The dominant narrative in U.S. foreign policy circles portrayed the U.S. covert action in Congo as a surgical, low-cost success, which the people of the Congo and the present reality of the socio-economic life of the country’s state will beg to differ. In 1975 the U.S. Senate investigation by the Church Committee, which was somewhat critical of the CIA, concluded that of the five covert paramilitary campaigns it studied, the operation in Congo was the only one that “achieved its objectives.” Those who hold this view credit the U.S. government with avoiding a direct military confrontation with the Soviet Union and China while foiling the communists’ attempts to gain influence over a key African country. They acknowledge that the CIA contributed to the fall of Lumumba, who lost a power struggle with Joseph Mobutu, the pro-Western head of Congo’s army, in September 1960. But they maintain that even though the CIA plotted to assassinate Lumumba once, even trying to get a recruit to poison his toothpaste or food it never did so, and had no hand in his eventual murder, in January 1961. They also recognize the agency’s contribution to the military defeat of Lumumba’s followers.

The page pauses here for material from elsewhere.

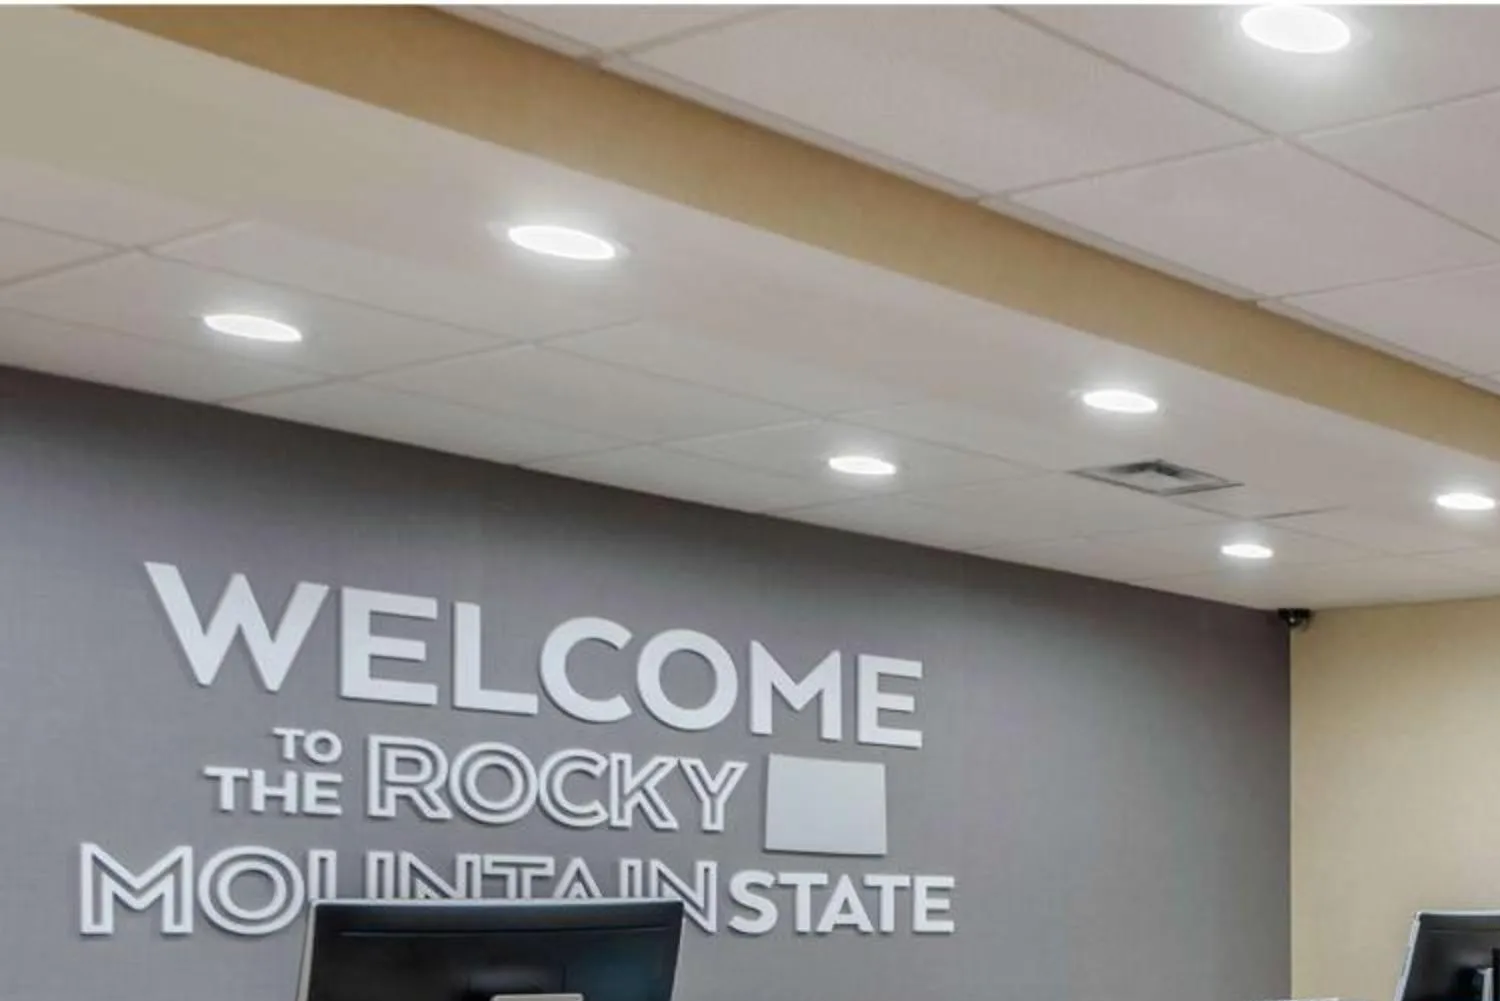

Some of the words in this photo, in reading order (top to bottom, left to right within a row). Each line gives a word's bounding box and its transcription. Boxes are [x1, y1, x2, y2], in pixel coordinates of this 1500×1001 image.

The Congo today stands as a testament to brazen disregard for respect for state’s sovereignty, and a struggle to curb the interest of a perceived adversary, while throwing to the dustbin vaulted “values” that serve the interest of the preacher. The enthronement of mobutu sese seko one of Africa’s most despotic kleptomaniac was not only evil but a great disservice to the African race and humanity. The story of mobutu and the Congo is a long and unpleasant one, his role in suppression of individual and collective liberties, being a proxy force against the struggle for independence for another African sister state, institutionalized corruption and embezzlement, etc. all of which will not have been possible without the support and guiding arms of the CIA which ran for decades. This is by no means the end of the sad story.